More than anything, they’ve tried to convince us all of how Scottish football still needs that. Indeed, many of them will tell you it depends on them.
They have talked in awed tones about what a great experience The Journey has been for them, how it has opened their eyes to how much the rest of the game hates them, and is jealous of them, and kidded themselves they are still a top club.
The trophy haul suggests otherwise; two lower league titles in three years, with a third place finish the best they could manage in this one.
No cups, not even the one for lower league teams, where their record of failure is astounding and hilarious in equal measure.
Yet arrogance still burns in them, this notion the game owes them something. Their club lies in rubble around them, and their supporters representatives have spent the last few months trying (unsuccessfully) to have a prospective parliamentary candidate de-selected (he won too, in a landslide) and attempted to have a word banned.
They’ve also pressed ahead with embarrassing efforts to have Celtic re-investigated in the pitiful “state aid” case, making much of a government agency taking their dossier seriously, in ignorance of the fact that they’re legally obliged to do so.
The chances of it going anywhere? Absolutely zero.
These people are barking. It’s no wonder King thinks he can offer them nothing and still get them to dip into their pockets.

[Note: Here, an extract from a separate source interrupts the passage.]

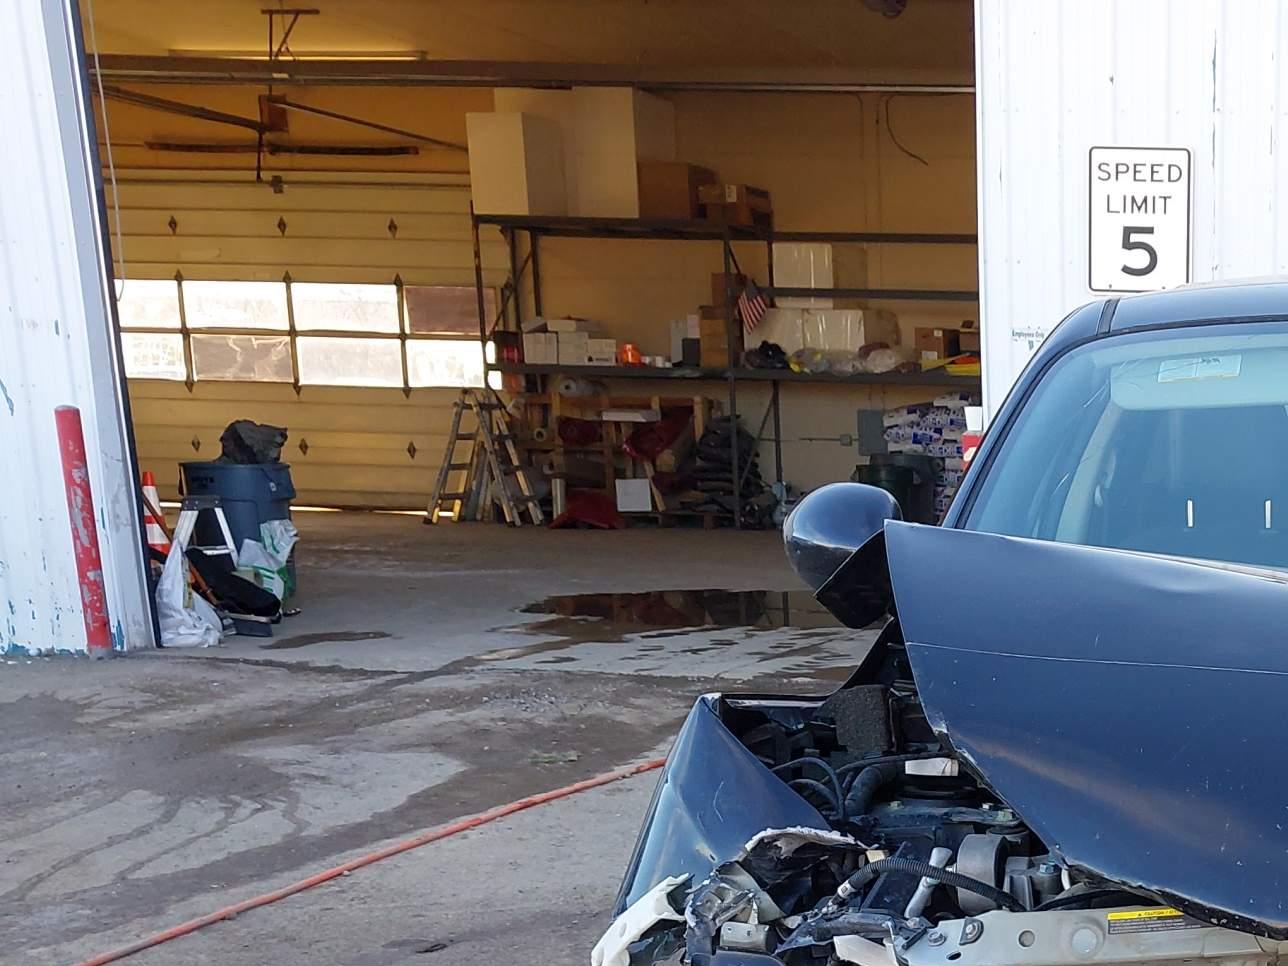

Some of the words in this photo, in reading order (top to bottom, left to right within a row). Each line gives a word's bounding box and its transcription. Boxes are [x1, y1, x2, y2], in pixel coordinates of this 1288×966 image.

[1097, 162, 1183, 183] SPEED
[1106, 194, 1172, 215] LIMIT
[1120, 225, 1158, 277] 5

In a sense then the hacks are partly right; this is a club which is miles from being ready for Premier League football. There are problems at every level, from the shareholders organisations to the team on the park.
Everything about this is amateurish.
If, by some chance, they made it to the SPL the results would be abject humiliation on a weekly basis, and regular chances for their lunatic fringe to embarrass them on a bigger stage.

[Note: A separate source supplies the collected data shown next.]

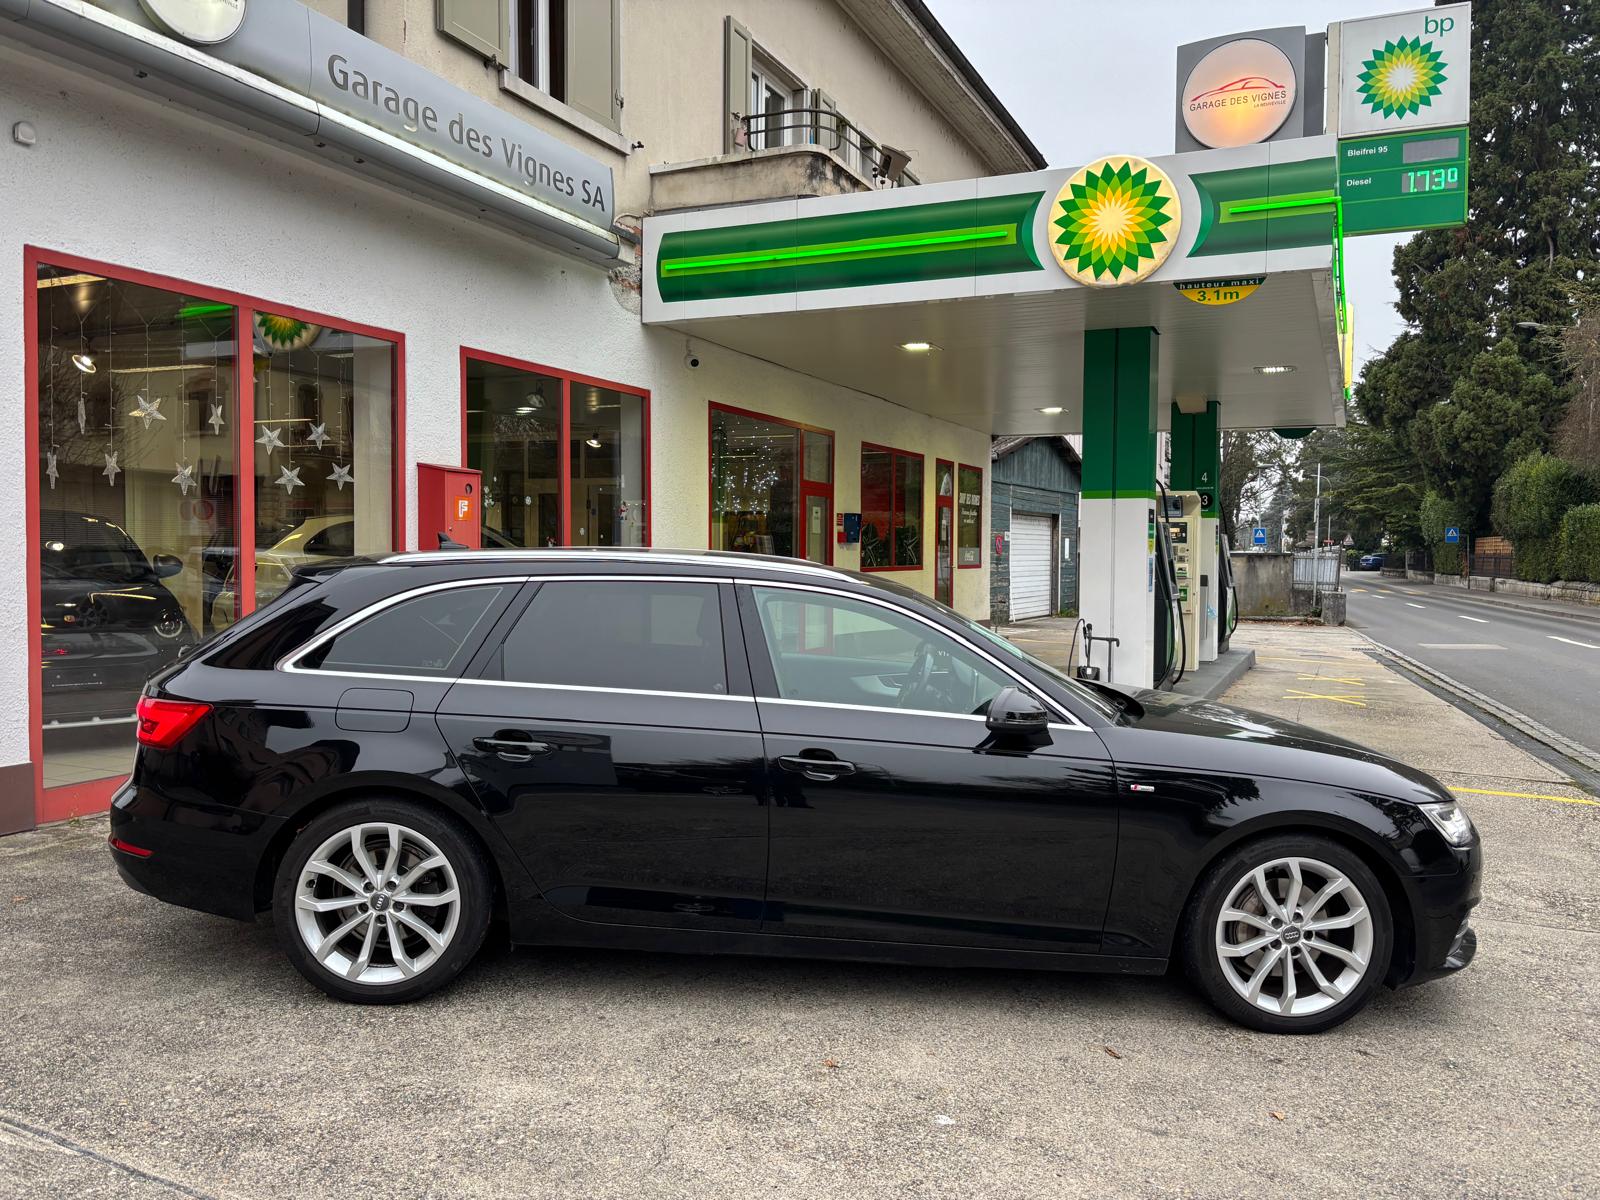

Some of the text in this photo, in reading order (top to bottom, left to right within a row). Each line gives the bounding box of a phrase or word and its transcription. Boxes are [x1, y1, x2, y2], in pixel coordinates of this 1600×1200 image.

[1425, 16, 1454, 37] bp
[1189, 90, 1287, 112] GARAGE DES VIGNES
[327, 54, 605, 212] Garage des Vignes SA
[1347, 145, 1388, 157] Bleifrei 95
[1346, 178, 1372, 187] Diesel
[1180, 277, 1259, 289] hauteur maxi
[1197, 289, 1240, 301] 3.1m
[1201, 472, 1208, 483] 4
[1202, 495, 1209, 506] 3
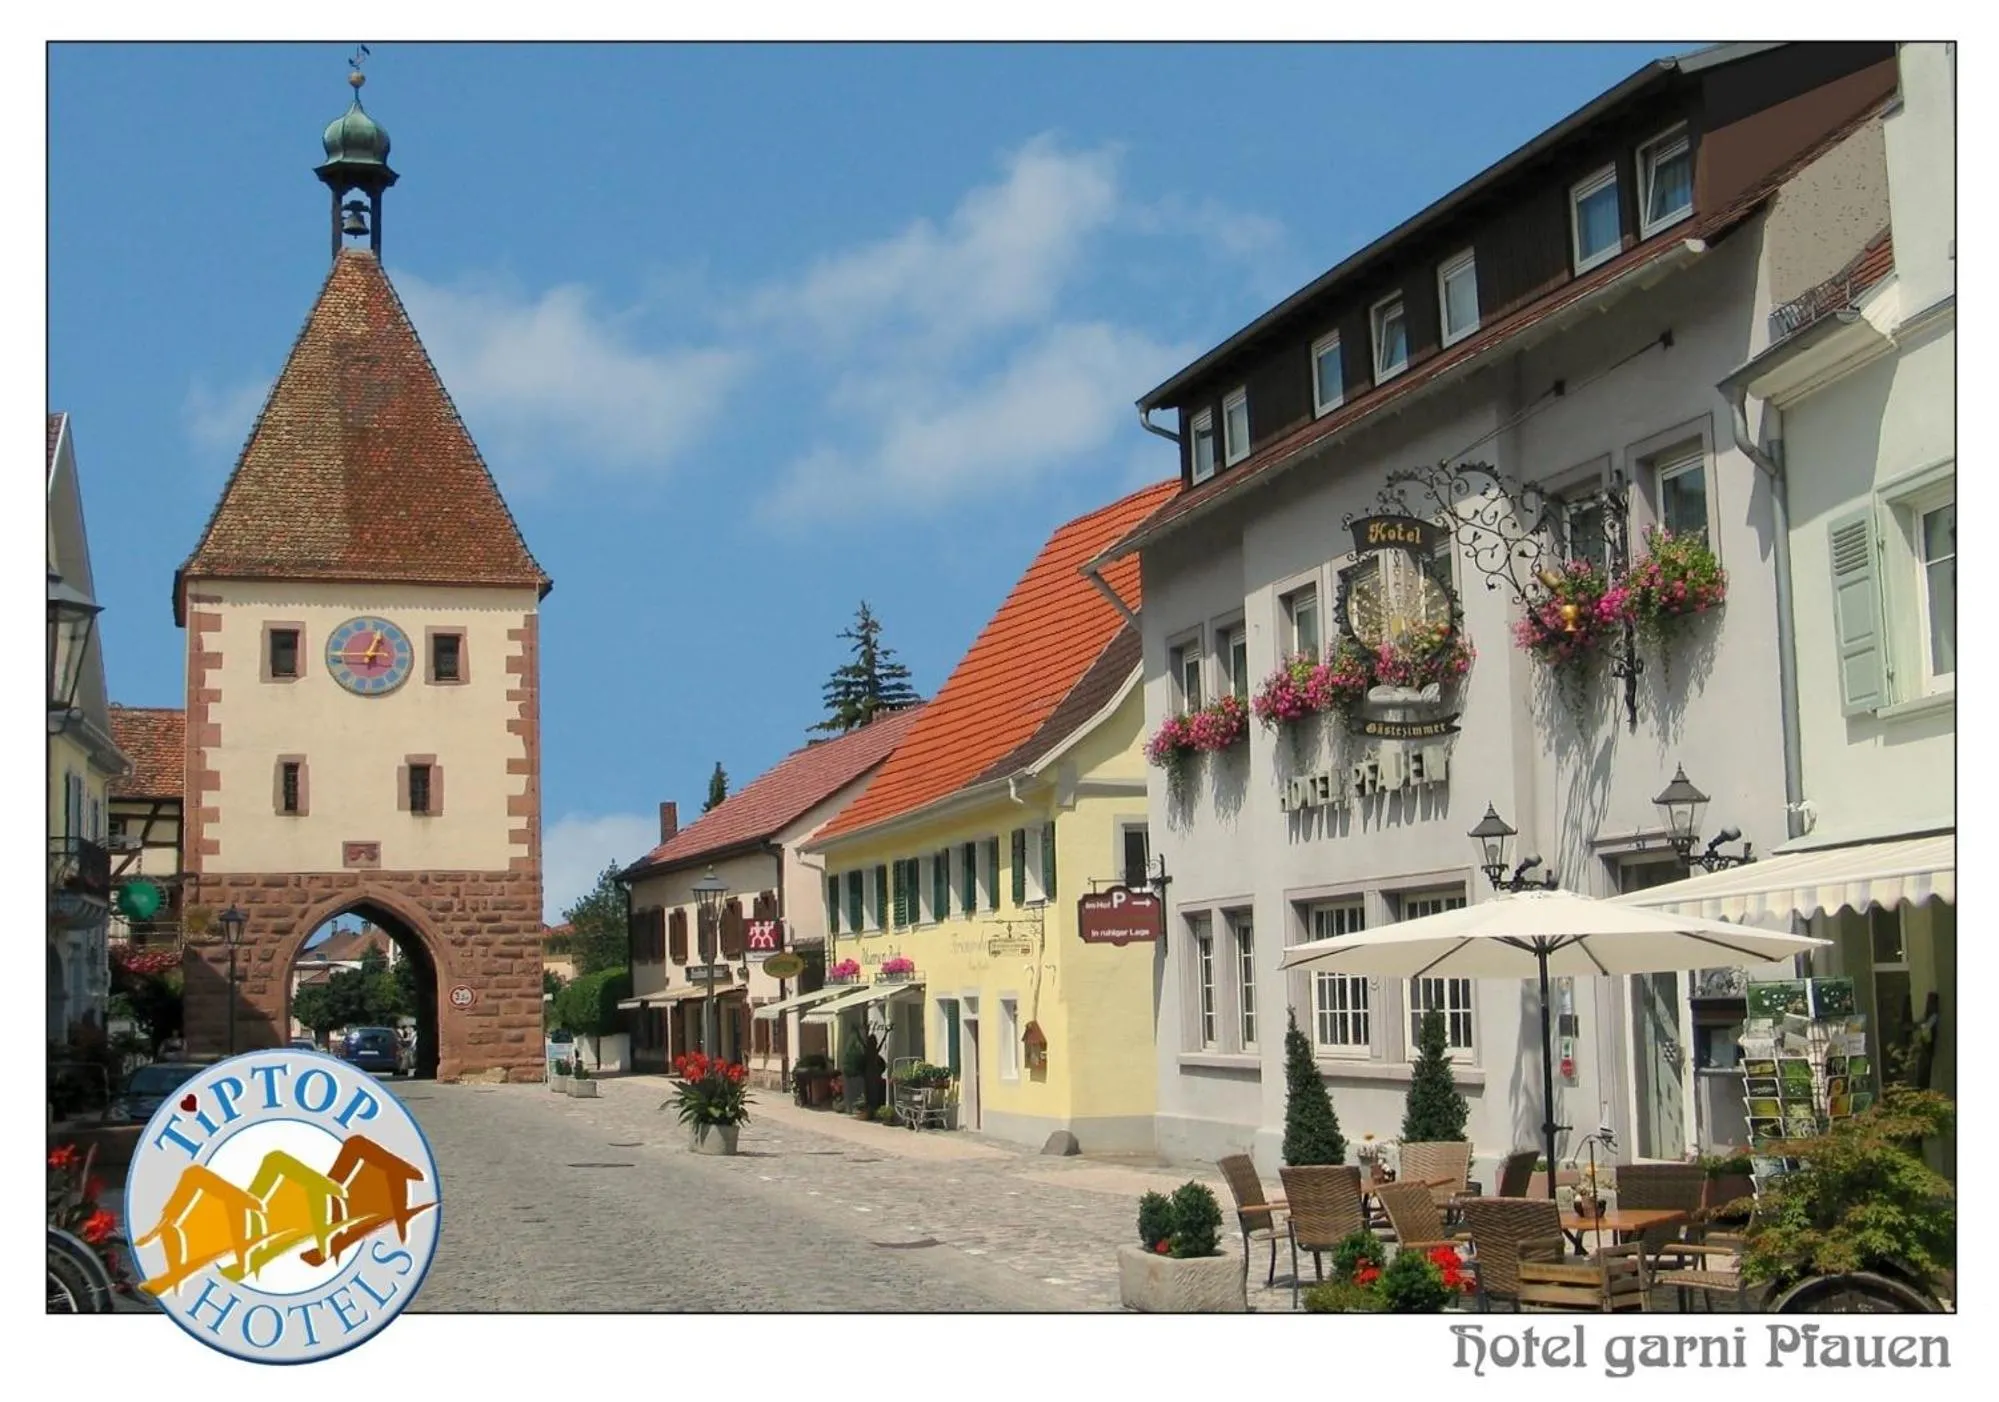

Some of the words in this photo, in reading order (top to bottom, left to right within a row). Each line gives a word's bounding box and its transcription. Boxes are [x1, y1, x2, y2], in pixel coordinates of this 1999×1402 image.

Who else truly believes that a club that finishes third in the second tier is ready to challenge anyone in the top flight?

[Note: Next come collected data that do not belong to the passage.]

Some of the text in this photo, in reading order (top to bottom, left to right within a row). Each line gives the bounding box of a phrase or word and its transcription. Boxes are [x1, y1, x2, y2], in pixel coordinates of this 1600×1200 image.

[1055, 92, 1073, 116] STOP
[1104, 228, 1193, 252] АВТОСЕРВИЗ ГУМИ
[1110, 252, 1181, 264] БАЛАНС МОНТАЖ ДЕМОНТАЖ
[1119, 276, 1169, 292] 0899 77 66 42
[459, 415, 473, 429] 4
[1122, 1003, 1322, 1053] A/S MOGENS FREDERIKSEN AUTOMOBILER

Yet if they are to develop any kind of financial base (stop laughing) they need to give their fans more than just trips to Alloa next year. They can’t contemplate season ticket price rises far less share issues whilst they languish in such company.
King and his people will have bet their entire revolution on reaching the SPL, which is why McCall was brought in to get them there.
This close season, without a World Cup or a European Championship to entertain us, looked like being boring, but it is good to know that we will have something to look forward to, as Sevco lurches from drama to crisis, squandering what season ticket money they’ve brought in on un-scouted dreck.
Every agent who’s player can’t find a club will be on the phone to them saying, “I’ve got just the guy for you!”
But they can’t afford high salaries.
They can’t afford transfer fees.
Even if they bring in the kind of money they’ve talked about (a number that’s been going down as the list of stuff they need to spend it on goes up) they have a club to rebuild and that club is bigger than just the playing squad.
The season ticket forms are all ready to go out.
Their fans are being asked to buy into uncertainty. Their club that is little more than a shambling wreck. Doubt still surrounds their future, more doubt than ever before.
Crisis is never far away.
Imagine trying to sell this to those with little money?
It helps if you have a media trying to fill their heads with fantasy.
So out goes the message that everything will work out. Because it’s all about the Rangers. Because they are the Peepil. Because that’s how it’s always been,
So, how many people do I think will display this “yen for fairytales” and put their money in the wee wicker basket?
Oh, if I was a betting man I’d say thirty thousand or so.
Because you can fool some of the Peepil all of the time.
More misery lies ahead for them. For the rest of us?
A dream of spring, a summer of fun and a season of laughs.